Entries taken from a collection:
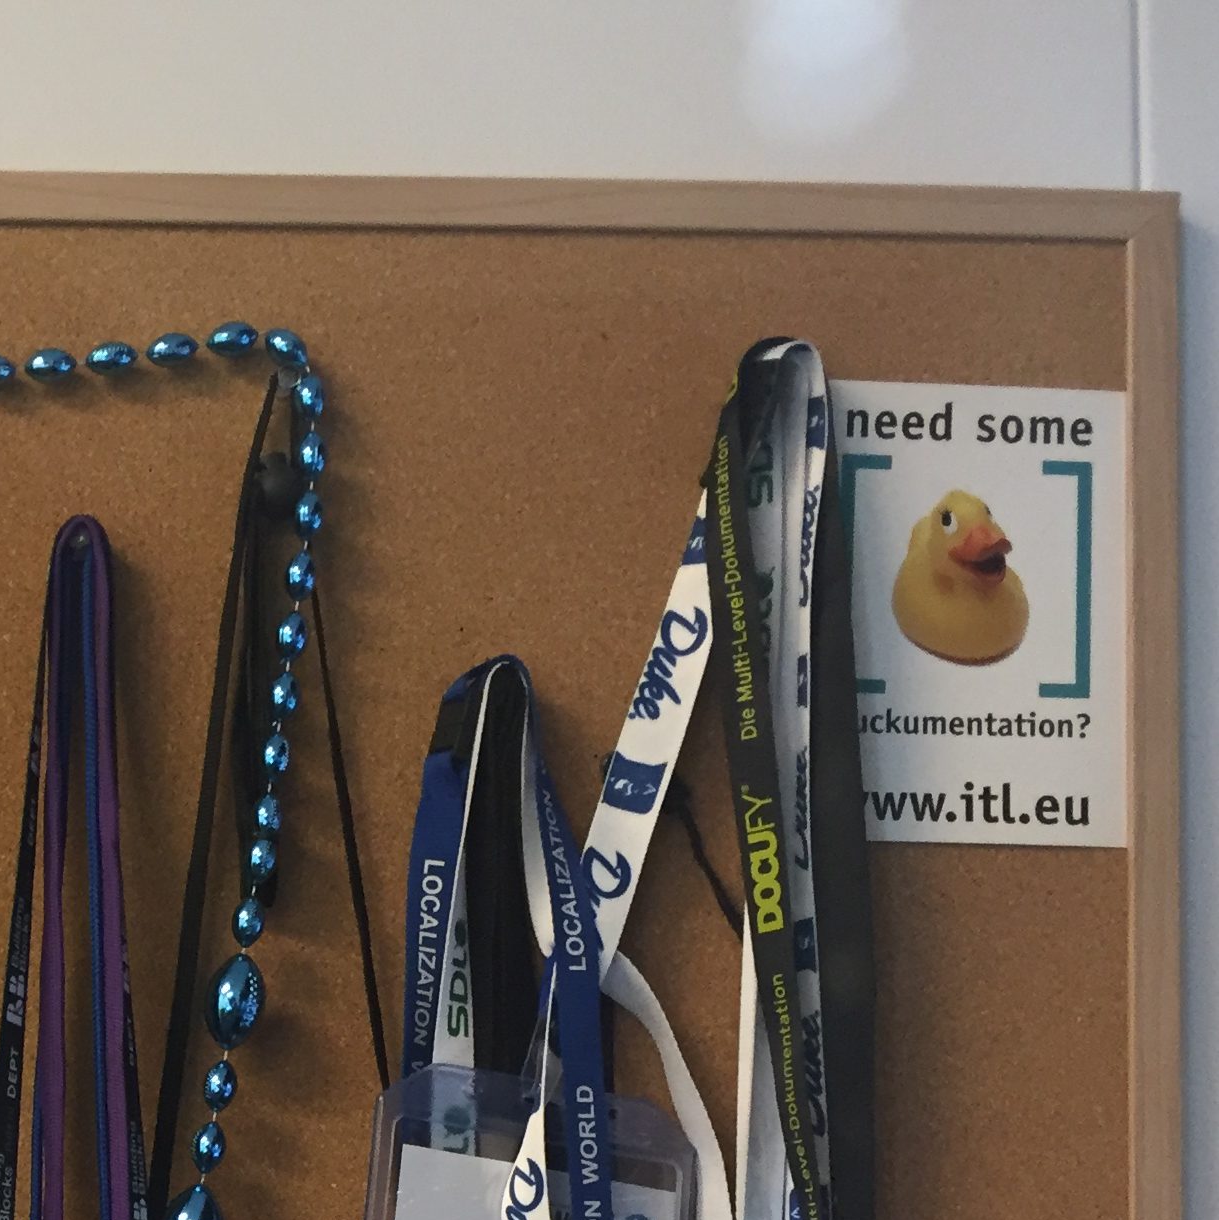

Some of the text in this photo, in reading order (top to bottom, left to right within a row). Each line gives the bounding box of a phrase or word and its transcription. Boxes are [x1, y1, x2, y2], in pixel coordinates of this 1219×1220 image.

[845, 402, 1093, 447] need some
[741, 708, 756, 741] Die
[857, 708, 1091, 738] uckumentation?
[540, 791, 588, 972] LOCALIZATION
[413, 858, 445, 1047] LOCALIZATION
[8, 1047, 19, 1099] DEPT
[576, 1085, 600, 1185] WORLD

- **Action item**: The data above must be given back verbatim, minus its images.

- **Exercise answer**:
Some of the text in this photo, in reading order (top to bottom, left to right within a row). Each line gives the bounding box of a phrase or word and its transcription. Boxes are [x1, y1, x2, y2], in pixel coordinates of this 1219×1220 image.

[845, 402, 1093, 447] need some
[741, 708, 756, 741] Die
[857, 708, 1091, 738] uckumentation?
[540, 791, 588, 972] LOCALIZATION
[413, 858, 445, 1047] LOCALIZATION
[8, 1047, 19, 1099] DEPT
[576, 1085, 600, 1185] WORLD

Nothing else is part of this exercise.